Thursday, October 15, 2009

Chatham Hall gets record-setting endowment

Chatham Hall, along with Hargrave Academy, will be among the first casualties of any uranium mining at Coles Hill. Their campuses are too close to Coles Hill to survive the radon and the blasting. Students' lives would be too endangered by the contamination to allow them to live in the idyllic, historic settings.


Chatham Hall gets record-setting endowment

Elizabeth “Betty” Beckwith Nilsen, circa 1931.

Amid gasps and applause from Chatham Hall’s 129 students, it was learned that an alumnae who graduated in 1931 has bequeathed $31 million to the school.

Rector Gary Fountain, head of the independent private girls’ school in Chatham, called the bequest “one of the most important announcements in the history of Chatham Hall.” He also said it is the “largest gift in the history of girls’ schools.”

The gift is from the estate of Elizabeth “Betty” Beckwith Nilsen. Fountain said she maintained contact with the different heads of the school over time, and with her former classmates.

Fountain said Nilsen told him, “Chatham Hall is the best thing that ever happened to me.” He said the school community deeply influenced her, convincing her of the importance of all-girls schools.

Dora Thomas, chair of the school’s Board of Trustees, told the students the endowment shows “what happens here stays with you for the rest of your life.”

There are no immediate plans to spend the money, Fountain said.

With this year’s budget already in place, “we’re going to spend the next nine months thinking about what to do with this gift,” he said.

Fountain said the school has been building its endowment fund for many years, and that it totaled just over $20 million before this gift. Endowment funds are invested, and the school draws about 4 percent of the fund annually — an “extremely prudent” amount — each year to use for operating expenses. With this endowment, the fund will top $51 million.

“Through judicious planning, we will honor Mrs. Nilsen in a way that acknowledges how she has honored us by expanding the basis for a secure and dynamic future for Chatham Hall,” Fountain said.

Nilsen was born in 1914 in Toledo, Ohio. Her father, Laurance Beckwith, was a stockbroker who invested in the start-up company that became Wyeth Pharmaceuticals.

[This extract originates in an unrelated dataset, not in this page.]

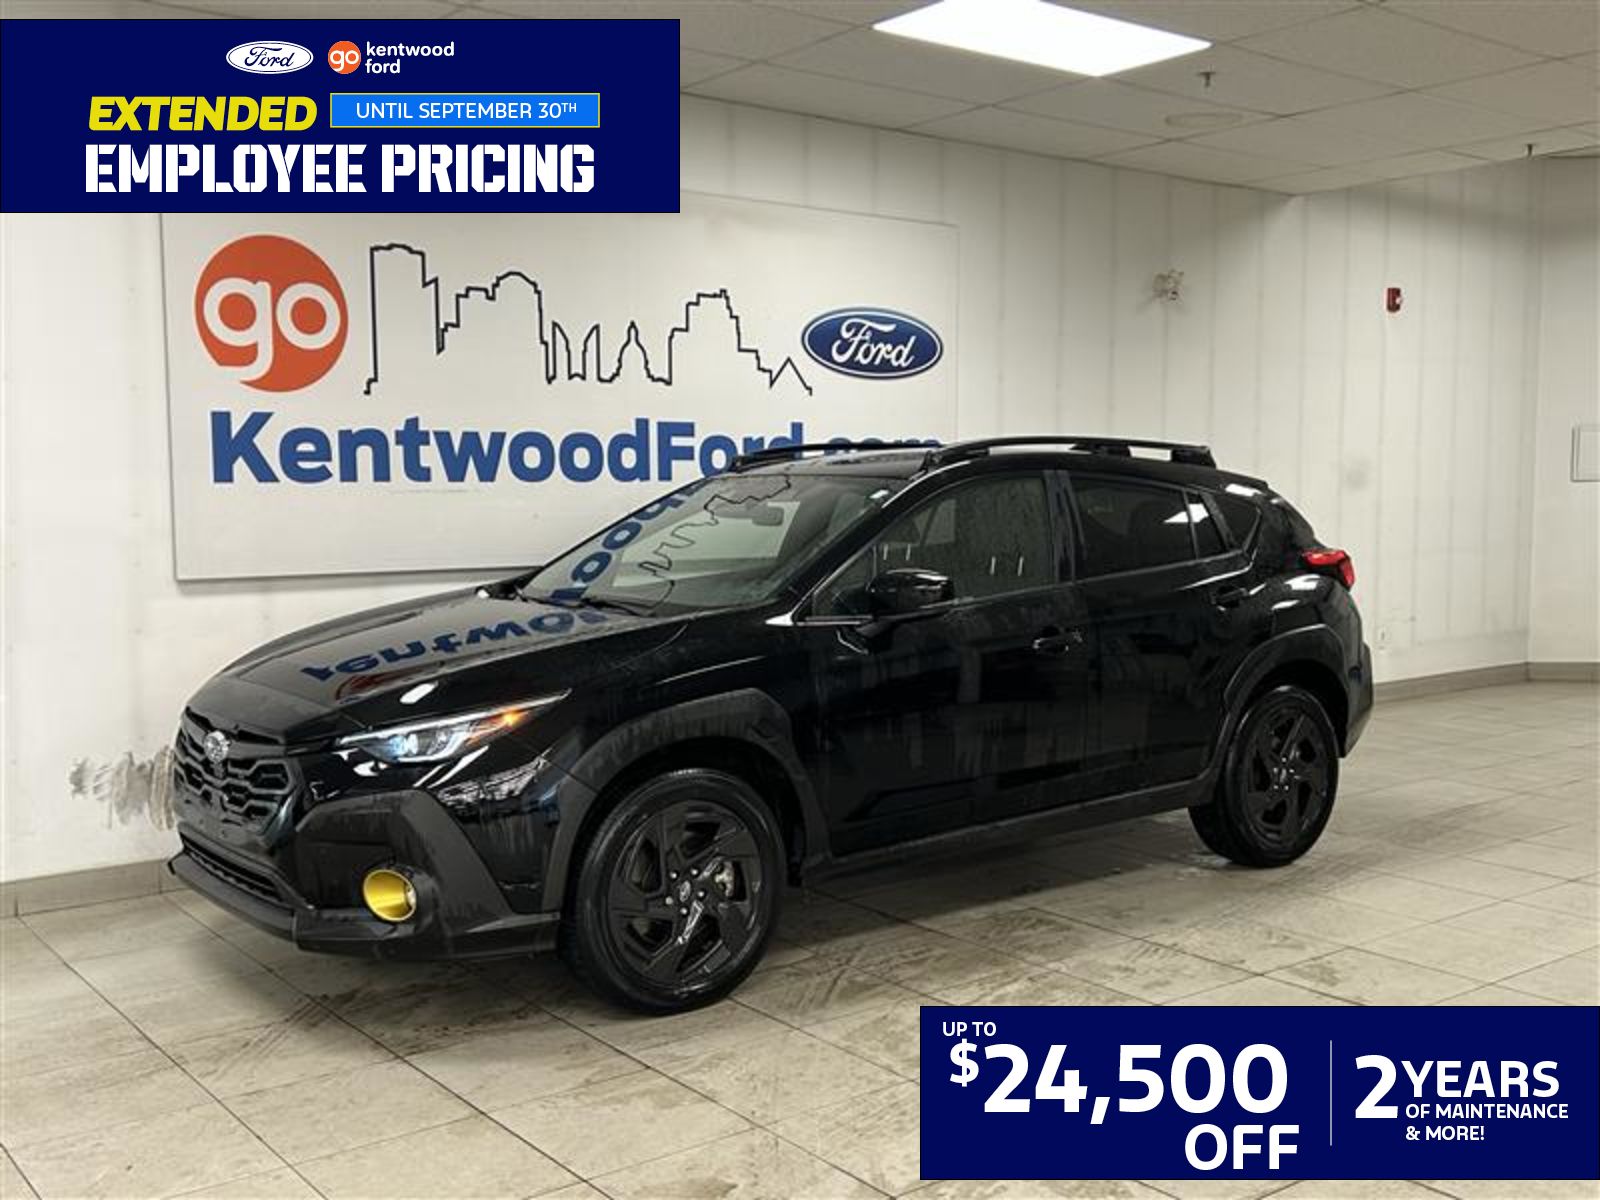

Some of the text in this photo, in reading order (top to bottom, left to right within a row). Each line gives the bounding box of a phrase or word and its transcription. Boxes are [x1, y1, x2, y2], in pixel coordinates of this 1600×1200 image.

The biography on her, written by the school, states that Nilsen arrived at Chatham Hall in the middle of her junior year, and while she enjoyed the activities the school offered, “… it was the Chatham Hall community that was transformational: the life-long friends she made, the way in which people treated each other with respect and friendship, and the high idealism and honor of the school. These characteristics stayed with her for a lifetime and kept Chatham Hall alive to her, a fact to which her family attests.”

Elizabeth Beckwith married R.A. Nilsen in 1940, her second marriage. She had one son from her first marriage.

The Nilsens retired to Florida and had a summer home in Wyoming. She died in October of 2006, the age of 92. Her husband died in March, at the age of 97, and the school was informed about the endowment.

Fountain said they did not announce the gift sooner because they wanted to be certain the transfer would go smoothly. He said the school’s lawyers approved the announcement, and that the school has already received some of the funds.